Activity:
In your copy, repeat each record exactly and include no pictures.

Free-text object descriptions
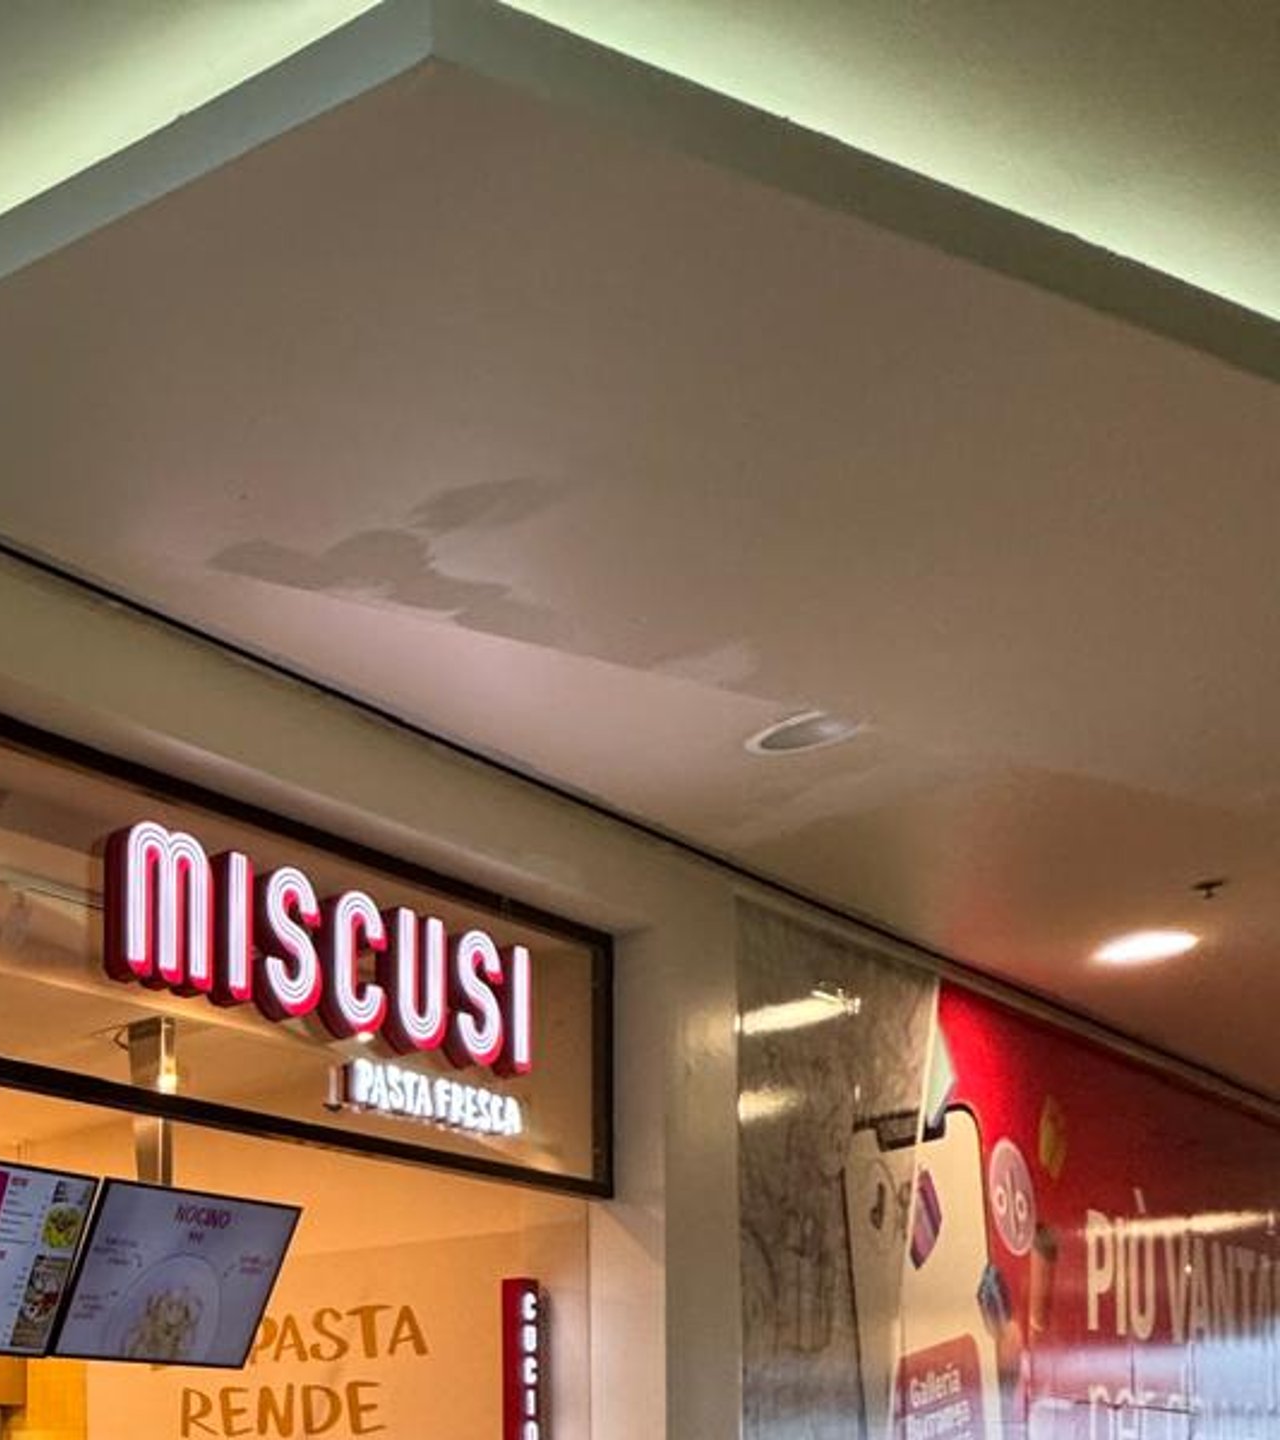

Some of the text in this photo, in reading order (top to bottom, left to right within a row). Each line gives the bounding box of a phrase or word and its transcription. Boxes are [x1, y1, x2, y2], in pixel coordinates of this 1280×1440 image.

[126, 820, 533, 1074] MISCUSI
[351, 1057, 523, 1136] PASTA FRESCA
[248, 1304, 429, 1365] PASTA
[180, 1380, 387, 1439] RENDE

Answer space:
Some of the text in this photo, in reading order (top to bottom, left to right within a row). Each line gives the bounding box of a phrase or word and its transcription. Boxes are [x1, y1, x2, y2], in pixel coordinates of this 1280×1440 image.

[126, 820, 533, 1074] MISCUSI
[351, 1057, 523, 1136] PASTA FRESCA
[248, 1304, 429, 1365] PASTA
[180, 1380, 387, 1439] RENDE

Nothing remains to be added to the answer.